▶ PROMPT: An exact copy of the records is required, minus the pictures they hold.

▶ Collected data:
▽
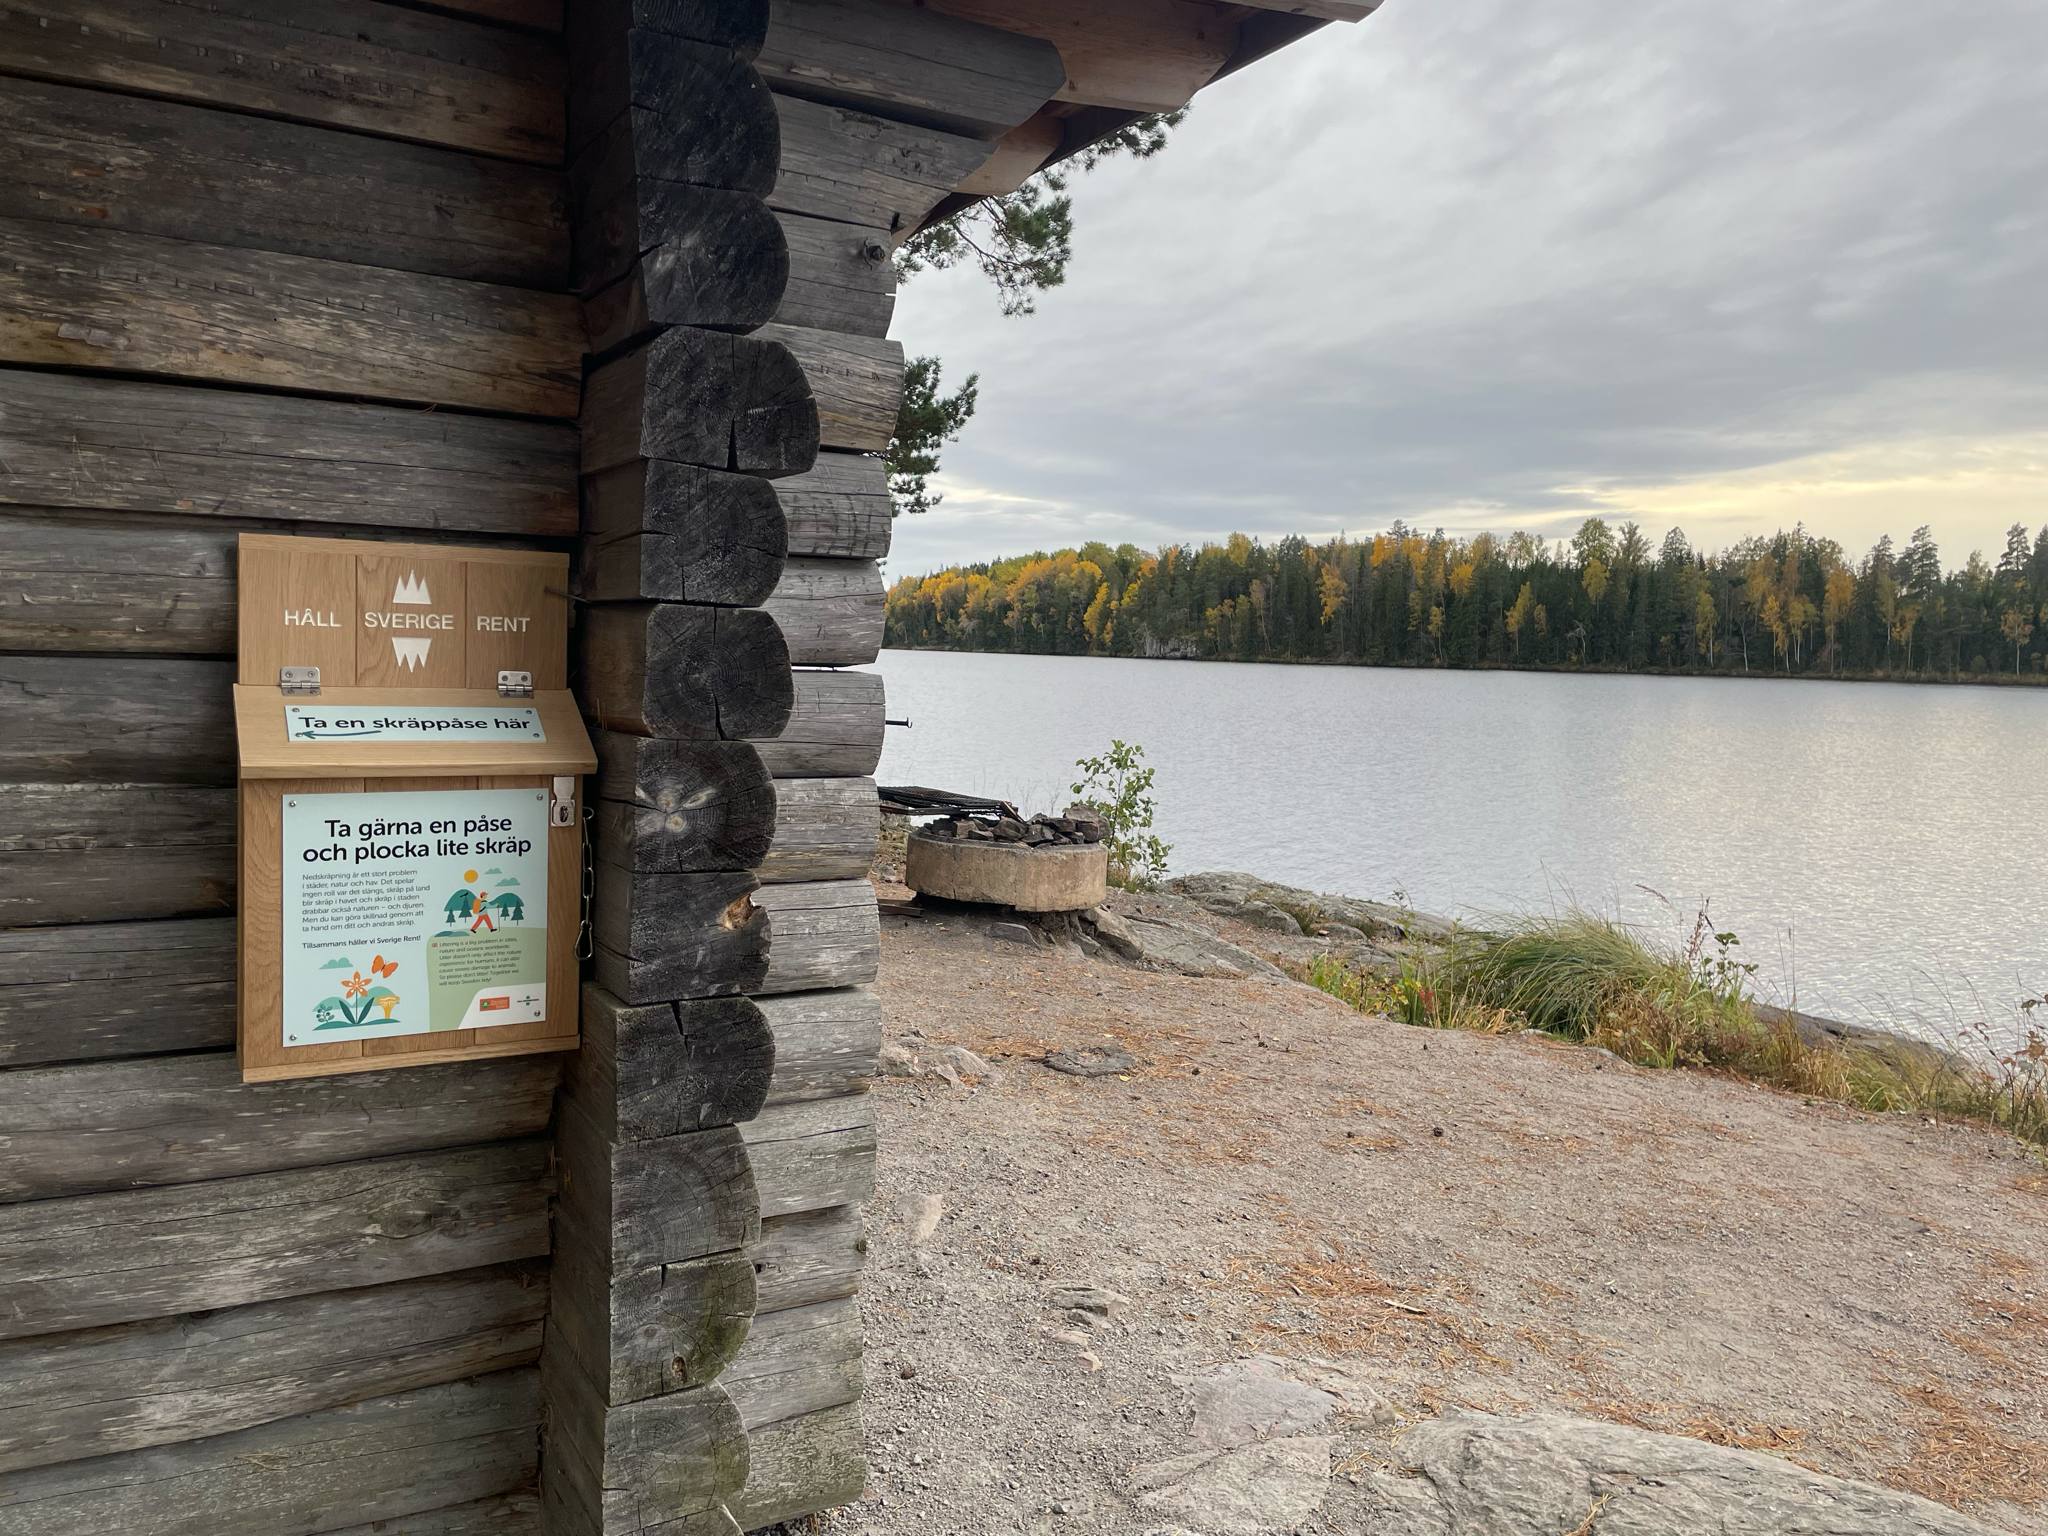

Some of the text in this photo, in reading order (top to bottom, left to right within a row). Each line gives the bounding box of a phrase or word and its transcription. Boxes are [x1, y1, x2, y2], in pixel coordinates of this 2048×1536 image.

[284, 609, 530, 632] HÅLL SVERIGE RENT
[298, 716, 530, 731] Ta en skräppåse här
[325, 815, 512, 841] Ta gärna en påse
[303, 837, 531, 864] och plocka lite skräp
[302, 872, 350, 881] Nedskräpning
[352, 870, 359, 878] är
[388, 869, 417, 877] problem
[302, 890, 322, 898] ingen
[337, 888, 347, 896] var
[386, 886, 404, 894] skräp
[315, 898, 333, 906] skräp
[339, 896, 357, 904] havet
[302, 906, 329, 914] drabbar
[353, 904, 379, 912] naturen
[345, 914, 361, 922] göra
[389, 911, 413, 919] genom
[372, 919, 395, 927] andras
[302, 941, 346, 949] Tillsammans
[377, 936, 402, 944] Sverige
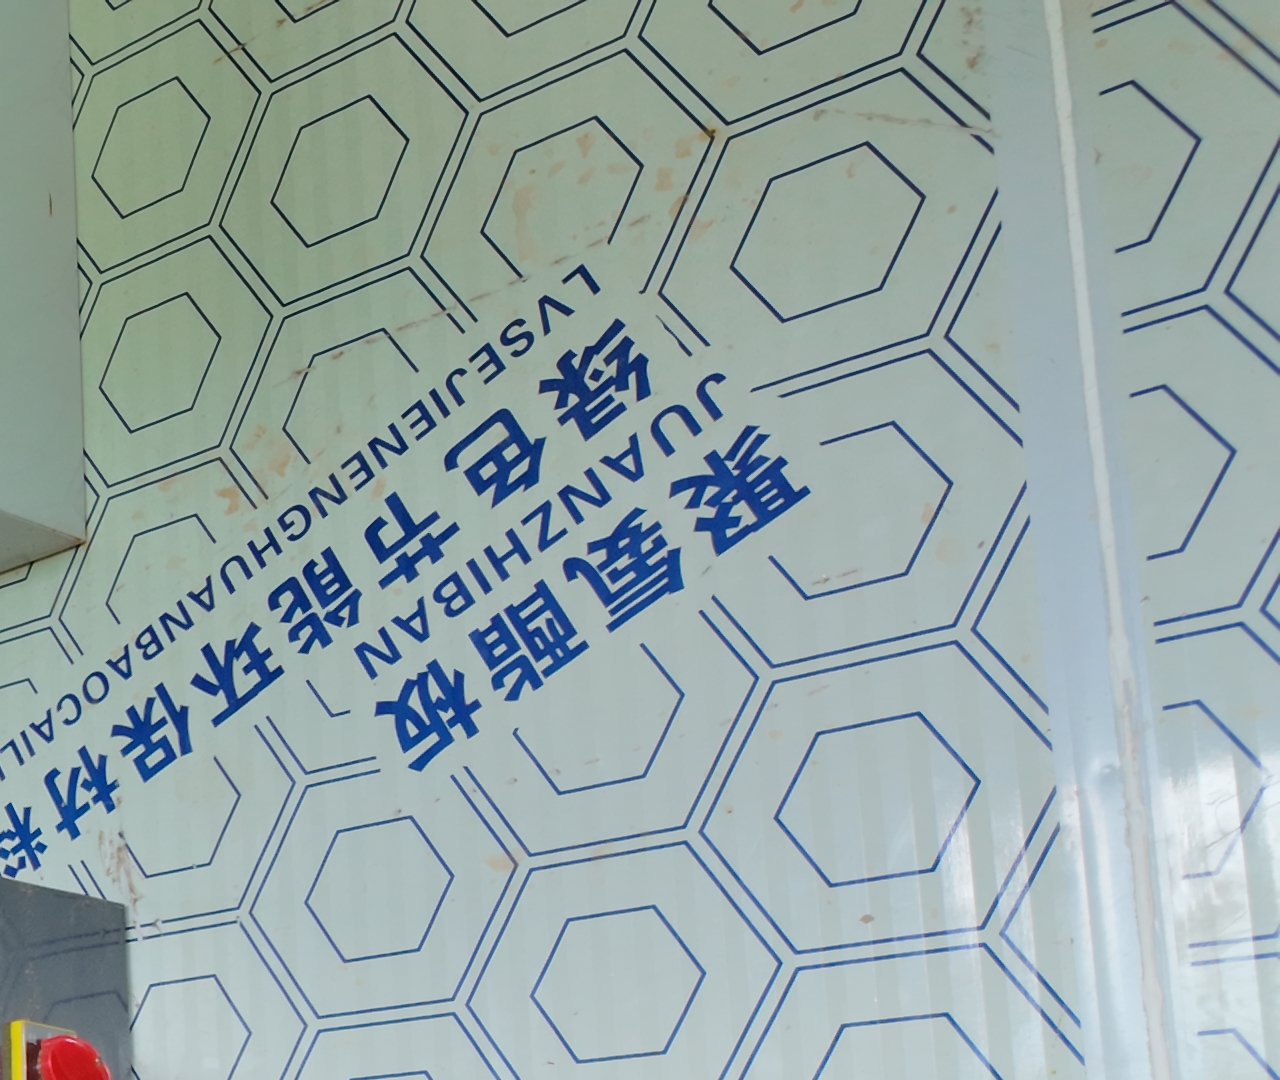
△
▶ RESPONSE FOR THIS EXERCISE:
Some of the text in this photo, in reading order (top to bottom, left to right within a row). Each line gives the bounding box of a phrase or word and its transcription. Boxes are [x1, y1, x2, y2], in pixel coordinates of this 2048×1536 image.

[284, 609, 530, 632] HÅLL SVERIGE RENT
[298, 716, 530, 731] Ta en skräppåse här
[325, 815, 512, 841] Ta gärna en påse
[303, 837, 531, 864] och plocka lite skräp
[302, 872, 350, 881] Nedskräpning
[352, 870, 359, 878] är
[388, 869, 417, 877] problem
[302, 890, 322, 898] ingen
[337, 888, 347, 896] var
[386, 886, 404, 894] skräp
[315, 898, 333, 906] skräp
[339, 896, 357, 904] havet
[302, 906, 329, 914] drabbar
[353, 904, 379, 912] naturen
[345, 914, 361, 922] göra
[389, 911, 413, 919] genom
[372, 919, 395, 927] andras
[302, 941, 346, 949] Tillsammans
[377, 936, 402, 944] Sverige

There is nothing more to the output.